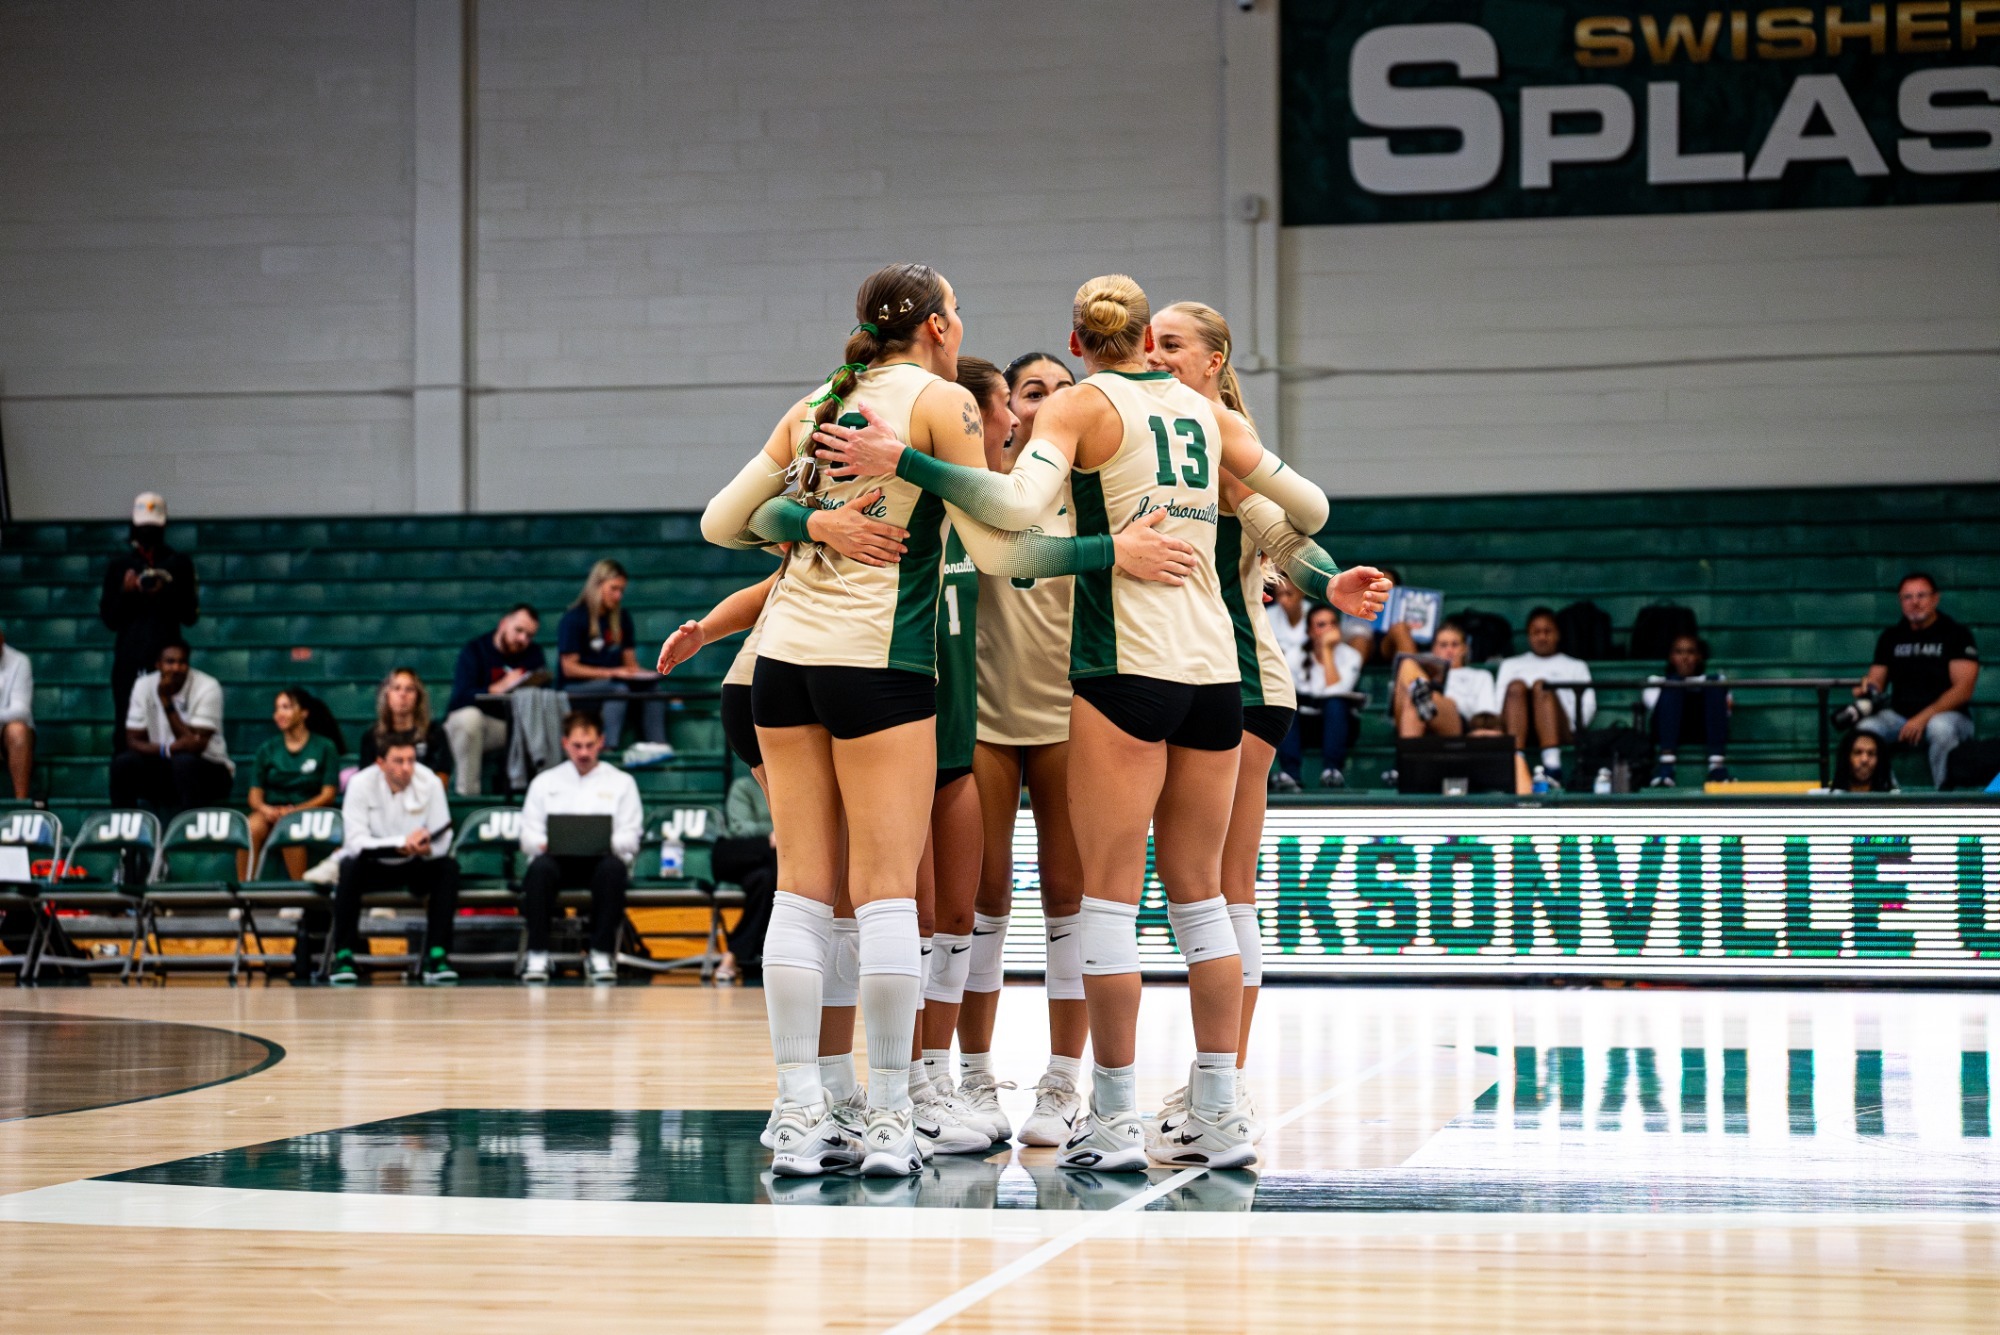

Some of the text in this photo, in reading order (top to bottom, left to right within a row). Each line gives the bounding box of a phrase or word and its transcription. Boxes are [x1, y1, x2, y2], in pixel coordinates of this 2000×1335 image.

[1147, 414, 1209, 489] 13
[944, 584, 961, 636] 1
[1, 814, 44, 842] JU
[99, 812, 143, 840] JU
[185, 811, 231, 840] JU
[289, 811, 335, 840] JU
[479, 811, 523, 840] JU
[662, 809, 706, 838] JU
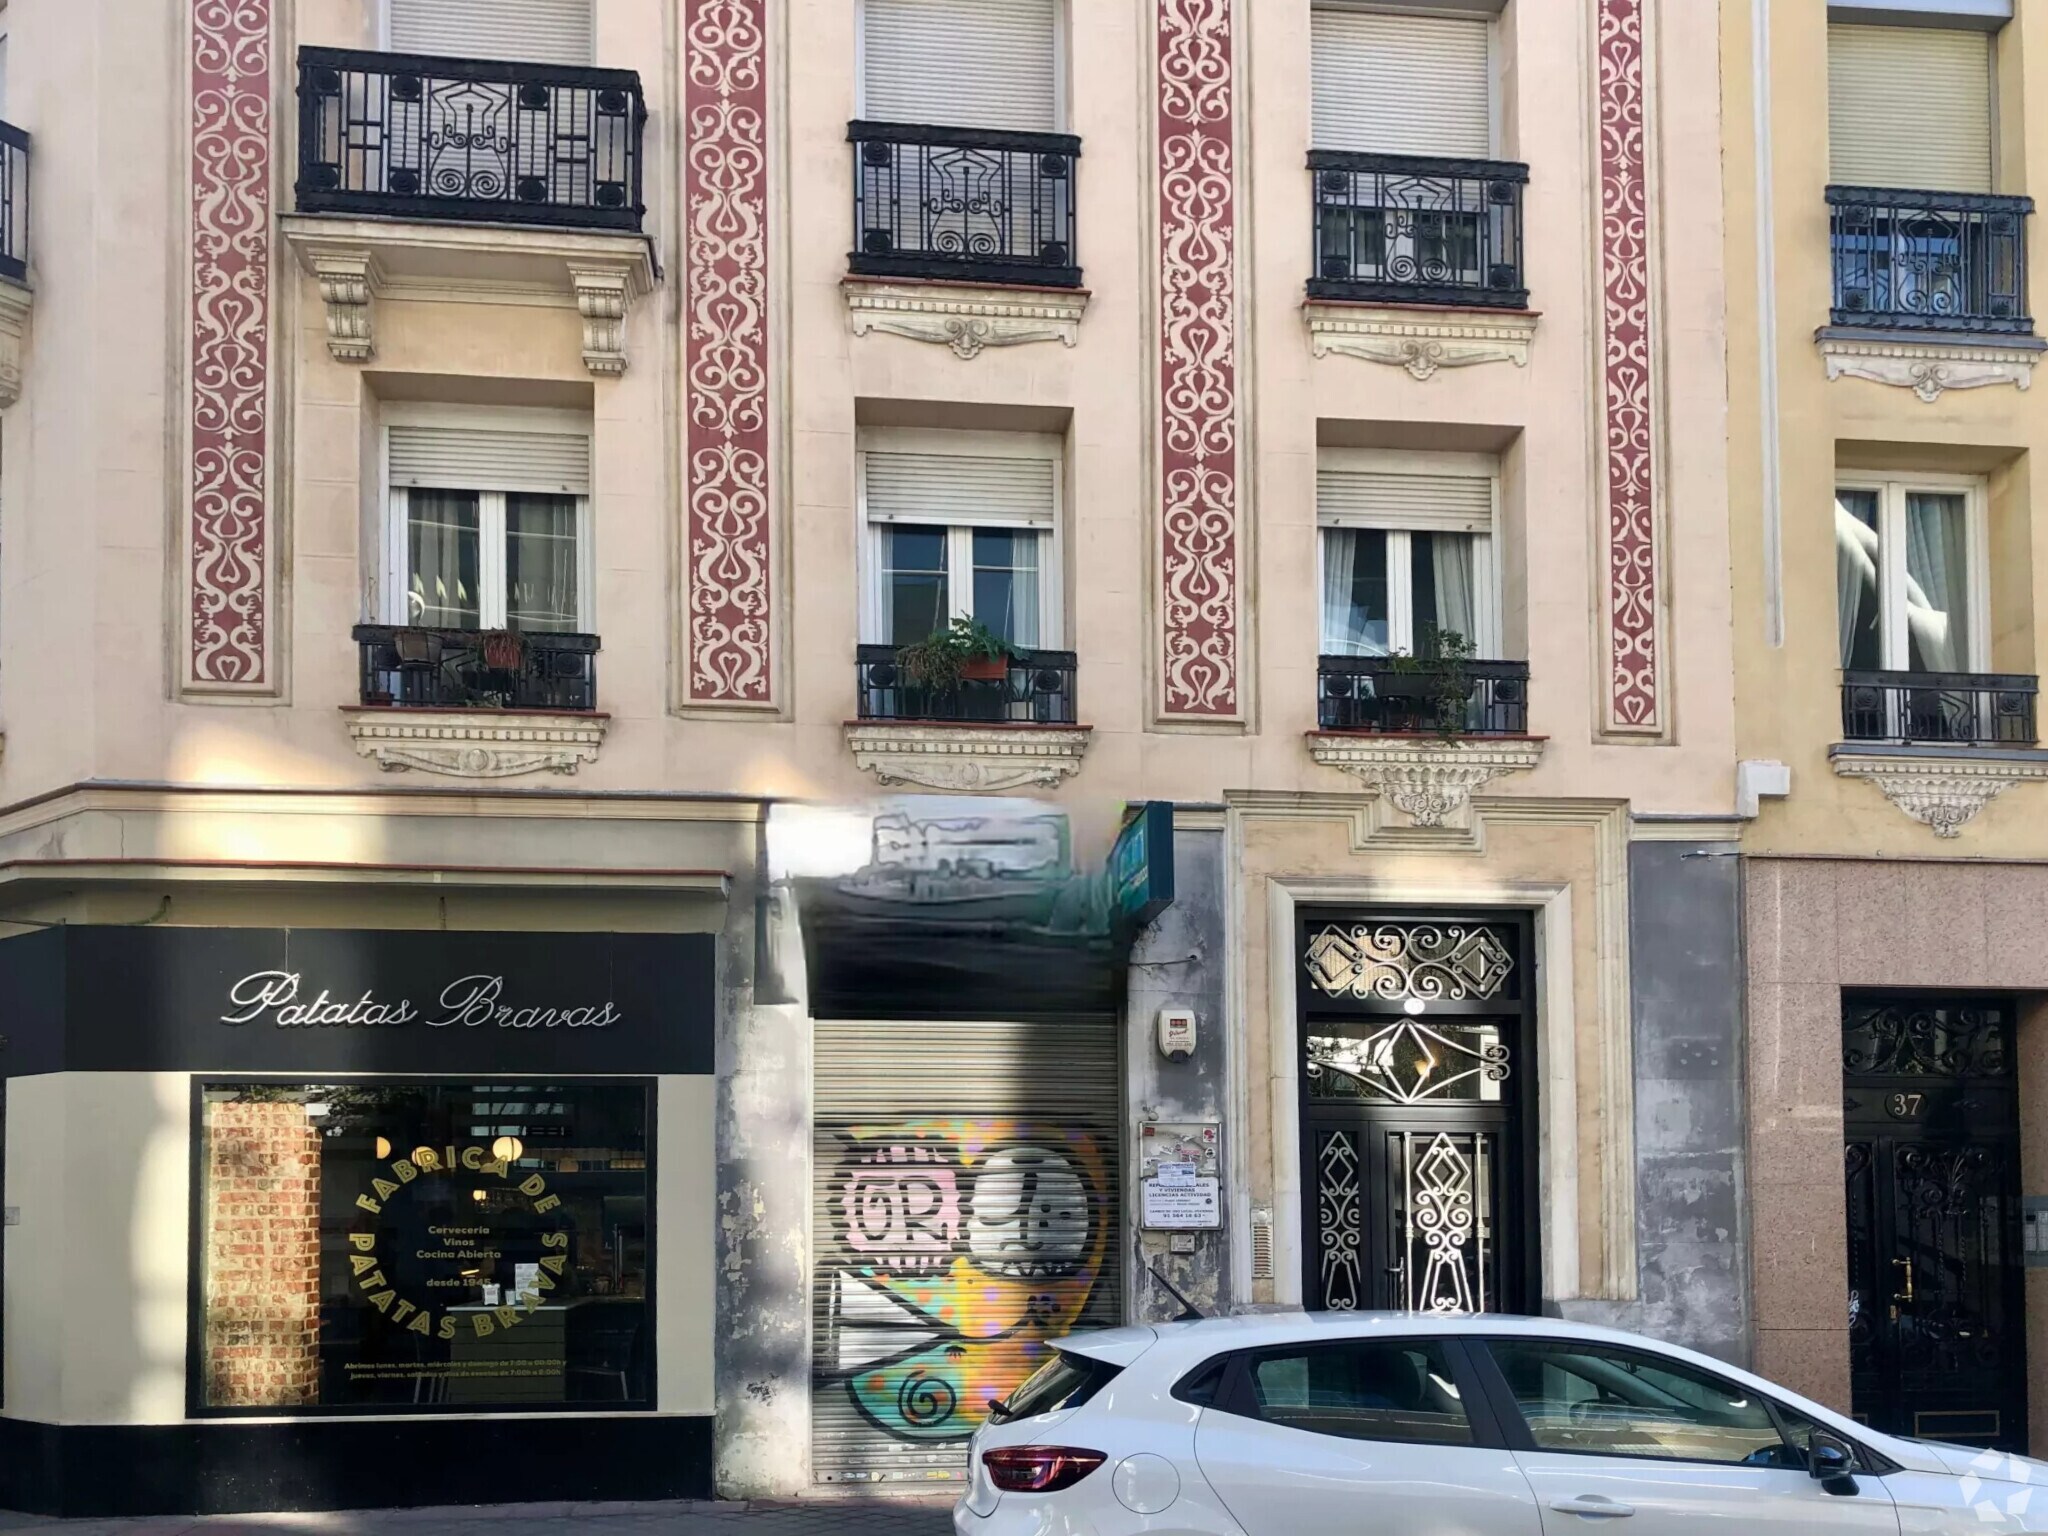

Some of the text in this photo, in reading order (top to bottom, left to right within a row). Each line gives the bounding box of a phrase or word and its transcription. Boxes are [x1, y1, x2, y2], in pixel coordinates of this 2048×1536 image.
____
EXERCISE DETAILS: Would you copy out all the data exactly, without the images?

ANSWER SECTION:
Some of the text in this photo, in reading order (top to bottom, left to right within a row). Each line gives the bounding box of a phrase or word and its transcription. Boxes are [x1, y1, x2, y2], in pixel coordinates of this 2000×1335 image.

[1147, 414, 1209, 489] 13
[944, 584, 961, 636] 1
[1, 814, 44, 842] JU
[99, 812, 143, 840] JU
[185, 811, 231, 840] JU
[289, 811, 335, 840] JU
[479, 811, 523, 840] JU
[662, 809, 706, 838] JU

Some of the text in this photo, in reading order (top to bottom, left to right within a row). Each line gives the bounding box of a phrase or word and its transcription. Boxes are [x1, y1, x2, y2], in pixel coordinates of this 2048×1536 image.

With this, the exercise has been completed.